Site reliability engineers (SREs) are failing to include observability into their process. A new report revealed only 53% of respondents have an observability tool. The top tools SREs are using include monitoring and alerting, dashboarding, and infrastructure as code. 

Additionally, when asked about key responsibilities, SRE’s ignored key aspects of observability such as events, metrics and tracing. 

The 2020 SRE Survey Report was conducted by Catchpoint and the DevOps Institute, and based on more than 600 responses from SREs. According to the report, the lack of observability within SREs is troubling because SRE provides improved service reliability, incident management effectiveness and customer satisfaction. 

The ITOps Observability Guide
Transitioning to SRE

“Solving complex problems and ensuring reliability in today’s highly distributed world can be very difficult and requires greater monitoring and true observability. Prior to the pandemic, most companies had a handle on end-user/customer experience monitoring for distributed systems,” said Mehdi Daoudi, CEO of Catchpoint. “But now with a greater distribution of users comes new challenges and added reliability needs. True observability is the key to ensure reliability and customer experiences for all things distributed.”

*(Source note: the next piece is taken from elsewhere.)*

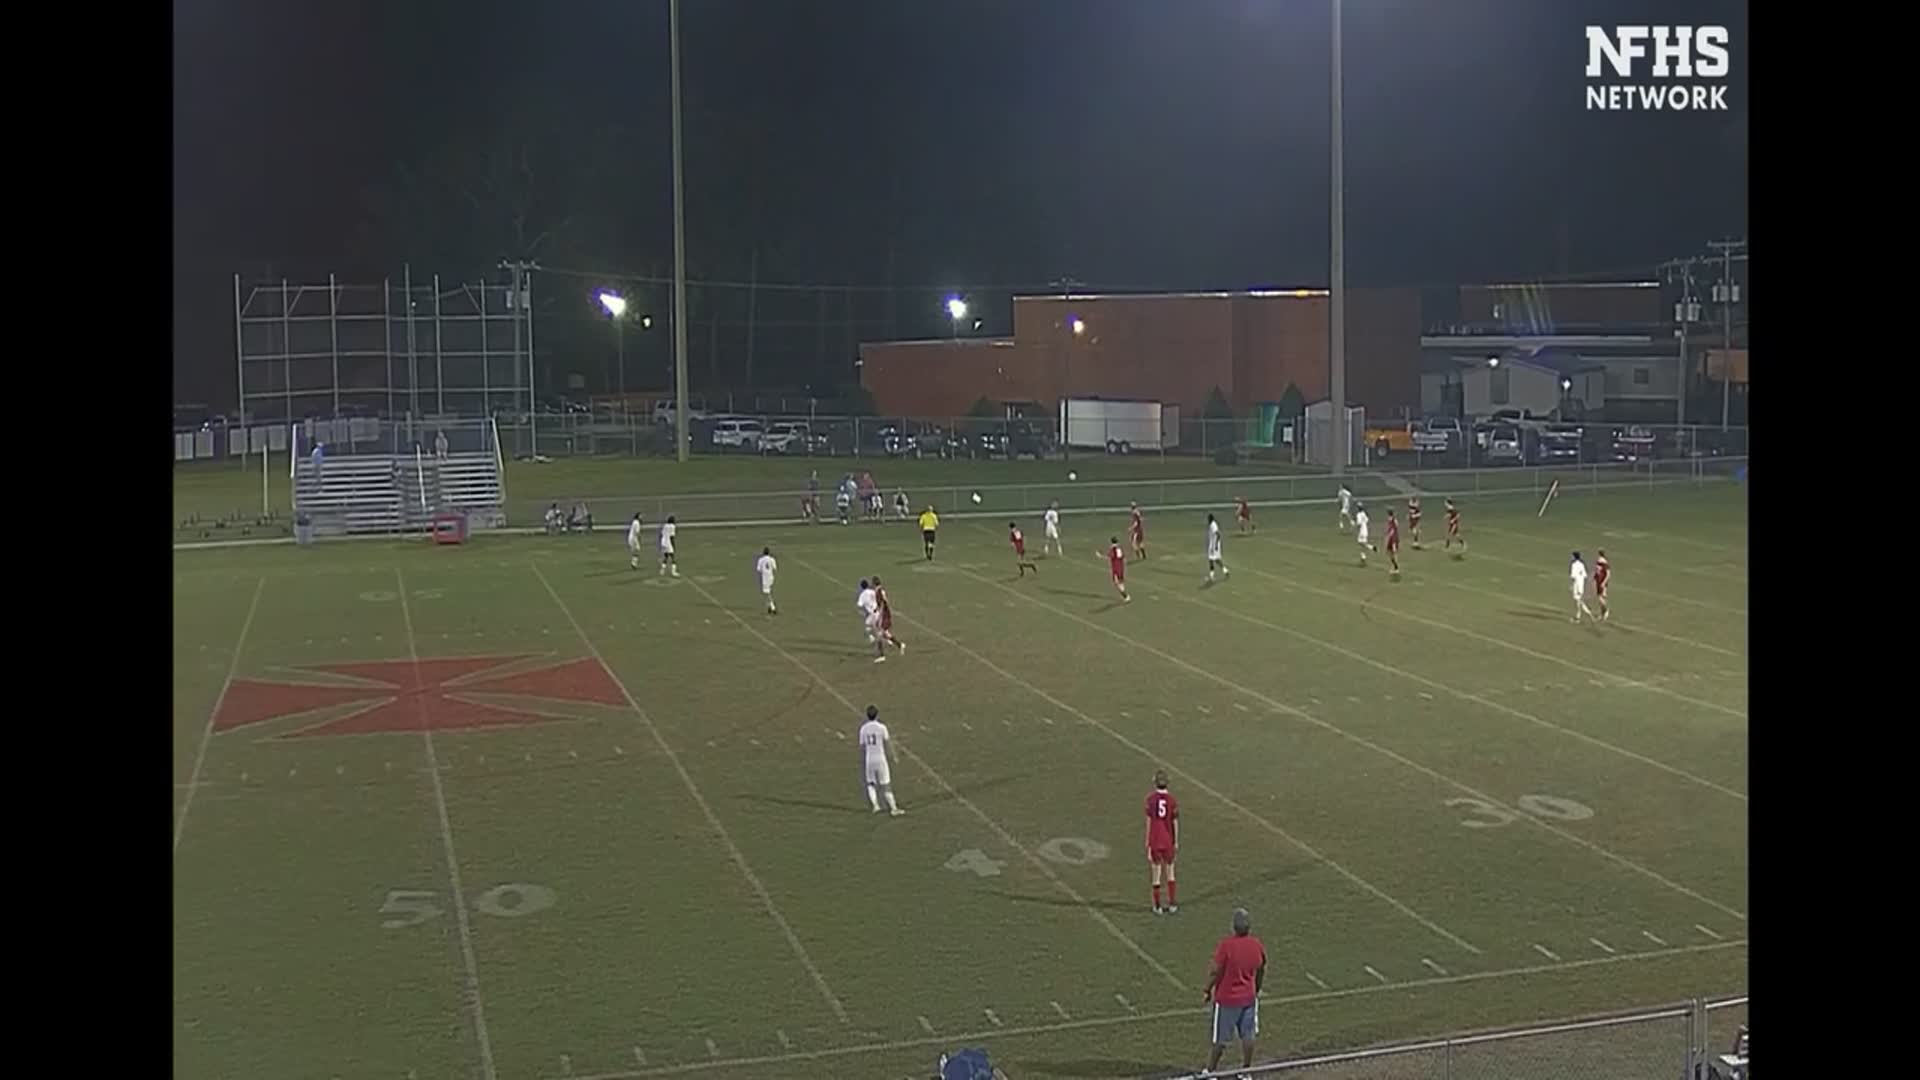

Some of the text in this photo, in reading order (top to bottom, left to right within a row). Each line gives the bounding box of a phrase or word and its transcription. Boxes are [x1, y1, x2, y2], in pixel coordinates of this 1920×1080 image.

[1158, 799, 1167, 817] 5
[1445, 795, 1594, 828] 30
[944, 837, 1111, 877] 40
[379, 883, 557, 928] 50

The report also found that while Google, who developed the role of SREs, believes SREs should split operations and development work 50/50, SREs were spending about 75% on operations work pre-COVID. When the report went back and asked the same question during the COVID-19 pandemic, there was an additional 10% increase in ops-related activities. In addition, 53% of the respondents felt they were involved too late in the application life cycle.

When looking more at how the role of SREs has changed in the wake of COVID-19, the report found that the workplace is expected to continue being remote even after the pandemic. In 2018, the report found 81% of SREs worked in an office, but the post-pandemic environment shows 50% believe they will continue to work remotely — however working from home comes with a new set of challenges such as a good work/life balance and the ability to stay focused. 

Other challenges SREs are dealing with include spending too much time on manual and repetitive tasks as well as debugging activities.

Based on the findings, the report suggests SREs include consideration for not only code but also networks and third-party services, include work earlier in the development process, and turn previously-ignored challenges into strategic differentiators such as focusing on morale, employee experience and engagement. 

“SRE is one of the most innovative approaches to managing services since the early days of ITIL and is most closely aligned with the principles and practices of Agile and DevOps. The data in this report supports the rising criticality of both SRE as a practice and Site Reliability Engineer as a role for any organization trying to adapt to the digital age,” said Jayne Groll, CEO of the DevOps Institute.